WORK TASK >>
Nothing before the line containing "this 1500×1125 image." should appear; please restate that line and every later line word for word through the end of the listing.
• • • • •
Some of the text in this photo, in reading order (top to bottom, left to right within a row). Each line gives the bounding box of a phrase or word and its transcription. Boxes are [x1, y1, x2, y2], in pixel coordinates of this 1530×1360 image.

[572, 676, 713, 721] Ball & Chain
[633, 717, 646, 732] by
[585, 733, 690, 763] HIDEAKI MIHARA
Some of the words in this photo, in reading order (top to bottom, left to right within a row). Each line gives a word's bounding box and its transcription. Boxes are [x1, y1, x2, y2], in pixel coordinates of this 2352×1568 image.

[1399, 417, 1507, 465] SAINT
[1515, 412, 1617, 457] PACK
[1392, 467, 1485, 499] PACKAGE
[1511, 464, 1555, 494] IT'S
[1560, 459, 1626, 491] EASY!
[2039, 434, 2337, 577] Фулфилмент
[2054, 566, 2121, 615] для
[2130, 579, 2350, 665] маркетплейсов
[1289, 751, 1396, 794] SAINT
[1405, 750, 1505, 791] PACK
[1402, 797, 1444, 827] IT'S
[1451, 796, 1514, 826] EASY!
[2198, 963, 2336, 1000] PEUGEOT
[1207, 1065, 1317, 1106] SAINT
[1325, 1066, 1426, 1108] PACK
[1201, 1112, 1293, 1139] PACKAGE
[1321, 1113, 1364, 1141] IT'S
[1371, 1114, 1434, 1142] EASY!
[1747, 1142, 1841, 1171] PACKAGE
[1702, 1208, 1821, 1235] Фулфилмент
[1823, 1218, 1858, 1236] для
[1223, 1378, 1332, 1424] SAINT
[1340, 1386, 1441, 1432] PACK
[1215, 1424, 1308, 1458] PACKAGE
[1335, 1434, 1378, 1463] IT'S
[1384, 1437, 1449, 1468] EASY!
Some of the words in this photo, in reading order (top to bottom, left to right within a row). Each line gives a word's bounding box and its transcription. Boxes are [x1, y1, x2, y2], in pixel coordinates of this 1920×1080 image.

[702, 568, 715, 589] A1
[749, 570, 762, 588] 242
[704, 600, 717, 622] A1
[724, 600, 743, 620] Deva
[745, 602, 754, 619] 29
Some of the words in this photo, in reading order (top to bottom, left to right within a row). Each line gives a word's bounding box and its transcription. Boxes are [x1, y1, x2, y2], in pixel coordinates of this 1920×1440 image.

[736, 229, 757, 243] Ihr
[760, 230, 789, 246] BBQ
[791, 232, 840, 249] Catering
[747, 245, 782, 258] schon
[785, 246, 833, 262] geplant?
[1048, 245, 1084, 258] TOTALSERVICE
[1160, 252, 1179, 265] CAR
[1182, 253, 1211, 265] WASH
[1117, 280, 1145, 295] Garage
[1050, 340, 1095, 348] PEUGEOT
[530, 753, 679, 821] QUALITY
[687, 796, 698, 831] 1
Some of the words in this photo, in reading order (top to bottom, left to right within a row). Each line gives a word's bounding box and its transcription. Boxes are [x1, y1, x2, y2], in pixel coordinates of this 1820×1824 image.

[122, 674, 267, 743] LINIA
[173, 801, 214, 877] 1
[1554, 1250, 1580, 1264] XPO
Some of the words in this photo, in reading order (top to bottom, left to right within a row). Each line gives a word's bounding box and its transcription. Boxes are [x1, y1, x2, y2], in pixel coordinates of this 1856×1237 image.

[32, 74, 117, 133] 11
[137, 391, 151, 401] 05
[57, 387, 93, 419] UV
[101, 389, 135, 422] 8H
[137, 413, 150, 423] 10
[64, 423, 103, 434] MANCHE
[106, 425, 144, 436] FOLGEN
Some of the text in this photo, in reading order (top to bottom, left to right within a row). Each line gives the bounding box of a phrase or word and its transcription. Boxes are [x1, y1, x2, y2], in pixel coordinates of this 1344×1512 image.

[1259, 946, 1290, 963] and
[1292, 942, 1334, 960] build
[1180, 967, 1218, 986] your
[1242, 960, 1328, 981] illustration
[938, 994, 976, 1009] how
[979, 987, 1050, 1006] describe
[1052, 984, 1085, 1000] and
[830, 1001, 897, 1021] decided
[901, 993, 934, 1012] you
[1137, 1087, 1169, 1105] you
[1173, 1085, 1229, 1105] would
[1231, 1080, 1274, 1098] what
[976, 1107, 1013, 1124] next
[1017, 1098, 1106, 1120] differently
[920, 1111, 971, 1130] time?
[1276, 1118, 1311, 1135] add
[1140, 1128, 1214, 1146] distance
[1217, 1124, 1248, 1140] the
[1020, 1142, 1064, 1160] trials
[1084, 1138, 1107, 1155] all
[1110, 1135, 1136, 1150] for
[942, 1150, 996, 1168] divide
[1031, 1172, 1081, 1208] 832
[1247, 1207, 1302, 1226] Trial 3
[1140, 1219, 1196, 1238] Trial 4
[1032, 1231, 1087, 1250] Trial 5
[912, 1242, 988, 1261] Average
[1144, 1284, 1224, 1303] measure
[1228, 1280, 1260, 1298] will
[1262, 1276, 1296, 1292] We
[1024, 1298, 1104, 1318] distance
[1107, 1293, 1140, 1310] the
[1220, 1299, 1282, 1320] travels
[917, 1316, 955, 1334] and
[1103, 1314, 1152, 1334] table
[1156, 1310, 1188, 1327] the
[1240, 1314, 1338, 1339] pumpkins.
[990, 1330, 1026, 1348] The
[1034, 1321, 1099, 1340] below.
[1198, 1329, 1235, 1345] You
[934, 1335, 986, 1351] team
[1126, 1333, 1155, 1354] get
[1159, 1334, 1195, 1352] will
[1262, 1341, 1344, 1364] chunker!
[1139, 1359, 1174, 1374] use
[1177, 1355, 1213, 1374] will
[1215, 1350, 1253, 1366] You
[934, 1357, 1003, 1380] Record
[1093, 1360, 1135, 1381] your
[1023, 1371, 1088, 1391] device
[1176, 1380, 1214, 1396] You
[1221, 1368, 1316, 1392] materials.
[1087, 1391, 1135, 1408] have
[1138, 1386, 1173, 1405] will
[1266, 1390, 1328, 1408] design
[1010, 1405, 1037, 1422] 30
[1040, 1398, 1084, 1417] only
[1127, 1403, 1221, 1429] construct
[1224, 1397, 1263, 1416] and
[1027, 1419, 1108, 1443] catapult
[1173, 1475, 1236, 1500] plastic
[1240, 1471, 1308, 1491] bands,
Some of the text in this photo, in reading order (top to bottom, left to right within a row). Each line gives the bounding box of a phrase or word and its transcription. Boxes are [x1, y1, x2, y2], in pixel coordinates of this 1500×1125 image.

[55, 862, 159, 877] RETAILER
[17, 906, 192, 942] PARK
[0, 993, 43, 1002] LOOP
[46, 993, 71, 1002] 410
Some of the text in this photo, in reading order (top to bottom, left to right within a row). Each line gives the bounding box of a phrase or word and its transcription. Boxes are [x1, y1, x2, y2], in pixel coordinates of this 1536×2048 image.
• • • • •
RESULT OF THIS EXERCISE >>
Some of the text in this photo, in reading order (top to bottom, left to right within a row). Each line gives the bounding box of a phrase or word and its transcription. Boxes are [x1, y1, x2, y2], in pixel coordinates of this 1500×1125 image.

[55, 862, 159, 877] RETAILER
[17, 906, 192, 942] PARK
[0, 993, 43, 1002] LOOP
[46, 993, 71, 1002] 410
Some of the text in this photo, in reading order (top to bottom, left to right within a row). Each line gives the bounding box of a phrase or word and its transcription. Boxes are [x1, y1, x2, y2], in pixel coordinates of this 1536×2048 image.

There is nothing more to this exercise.